The nurse is teaching a client with cystic fibrosis how to take pancrelipase. When should the medication be administered?

  • A) First thing in the morning upon awakening.
  • B) Exactly two hours after every meal.
  • C) With every meal and snack. (Correct)
  • D) Only when the client experiences abdominal pain.

Rationale: Pancrelipase provides the digestive enzymes the client’s pancreas cannot produce. It must be present in the GI tract at the same time as food to break down fats, proteins, and starches.

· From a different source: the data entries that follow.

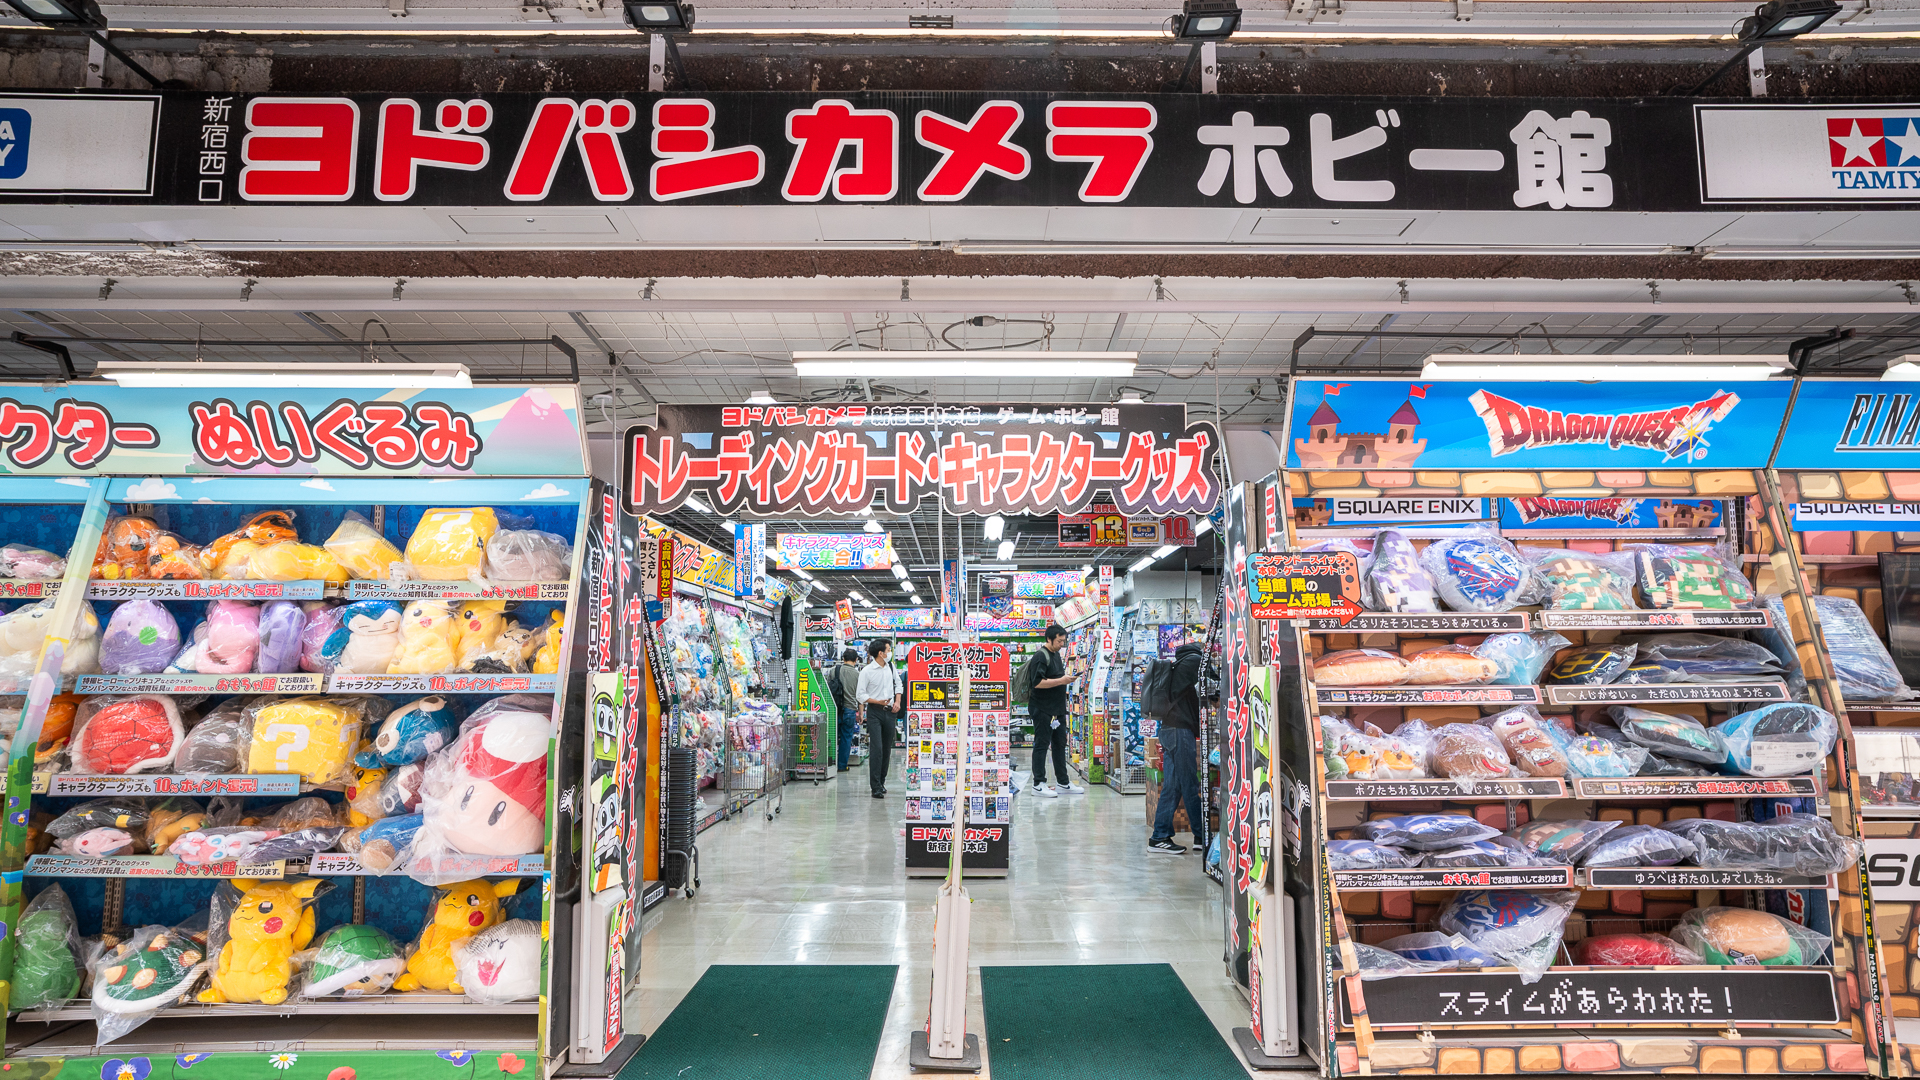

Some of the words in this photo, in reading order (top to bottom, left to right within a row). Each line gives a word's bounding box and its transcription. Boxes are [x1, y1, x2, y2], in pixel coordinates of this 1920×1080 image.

[199, 97, 231, 201] 新宿西口
[239, 97, 1157, 202] ヨドバシカメラ
[1197, 109, 1613, 209] ホビー館
[722, 406, 867, 426] ヨドバシカメラ
[998, 407, 1120, 425] ゲーム・ホビー館
[1469, 389, 1611, 457] DRAGON
[190, 399, 482, 469] ぬいぐるみ
[1337, 500, 1424, 516] SQUARE
[1428, 499, 1475, 514] ENIX
[783, 535, 886, 549] キャラクターグッズ
[647, 541, 657, 580] たくさん
[799, 549, 863, 569] 大集合!!
[1255, 555, 1346, 565] ニンテンドースイッチ
[660, 540, 672, 598] お買い物かご
[1257, 565, 1346, 576] 本体・ゲームソフトは
[90, 587, 181, 597] キャラクターグッズも
[1258, 577, 1287, 593] 当館
[1290, 577, 1319, 593] 隣の
[1259, 593, 1345, 608] ゲーム売場にて
[1103, 630, 1112, 649] 入口
[216, 677, 277, 692] おもちゃ館
[335, 680, 426, 691] キャラクターグッズも
[1349, 694, 1422, 702] キャラクターグッズも
[1423, 690, 1513, 702] お得なポイント還元!
[1567, 687, 1637, 700] へんじがない。
[1648, 686, 1772, 699] ただのしかばねのようだ。
[57, 782, 151, 793] キャラクターグッズも
[1621, 785, 1697, 795] キャラクターグッズも
[1697, 781, 1789, 793] お得なポイント還元!
[912, 828, 1002, 841] ヨドバカメラ
[1635, 870, 1783, 884] ゆうべはおたのしみでしたね。
[1868, 853, 1920, 887] S
[1442, 872, 1490, 885] おもちゃ館
[1491, 874, 1565, 884] でお取扱いしております
[1439, 978, 1733, 1016] スライムがあらわれた!

Question 58: Naloxone (Narcan) Duration

A nurse administers naloxone to a client with respiratory depression from a heroin overdose. Why must the nurse continue to monitor the client closely?

  • A) The client may become violently aggressive.
  • B) Naloxone can cause severe hypertension.
  • C) The half-life of naloxone is shorter than most opioids. (Correct)
  • D) The client may develop a tolerance to naloxone.

Rationale: Naloxone wears off in about 30 to 90 minutes, which is often much shorter than the opioid it is reversing. Once the naloxone wears off, the client can sink back into fatal respiratory depression.


Question 59: Hydrochlorothiazide (HCTZ) and Gout

A client with a history of gout is started on hydrochlorothiazide for hypertension. What should the nurse monitor for?

  • A) Decreased blood glucose levels.
  • B) Excessive hair growth.
  • C) Increased uric acid levels and gout attacks. (Correct)
  • D) Overhydration and edema.

Rationale: Thiazide diuretics can decrease the excretion of uric acid by the kidneys, which may lead to hyperuricemia and trigger an acute gout flare-up.


Question 60: Vancomycin Trough and Nephrotoxicity

A nurse receives a trough level of 25 mcg/mL (normal range 10–20 mcg/mL) for a client receiving IV vancomycin. Which lab value is most important for the nurse to check?

  • A) White blood cell count.
  • B) Creatinine and BUN. (Correct)
  • C) Serum glucose.
  • D) Hemoglobin.

Rationale: A high vancomycin trough level indicates a high risk for nephrotoxicity. The nurse must assess renal function (Creatinine and BUN) before the next dose is even considered.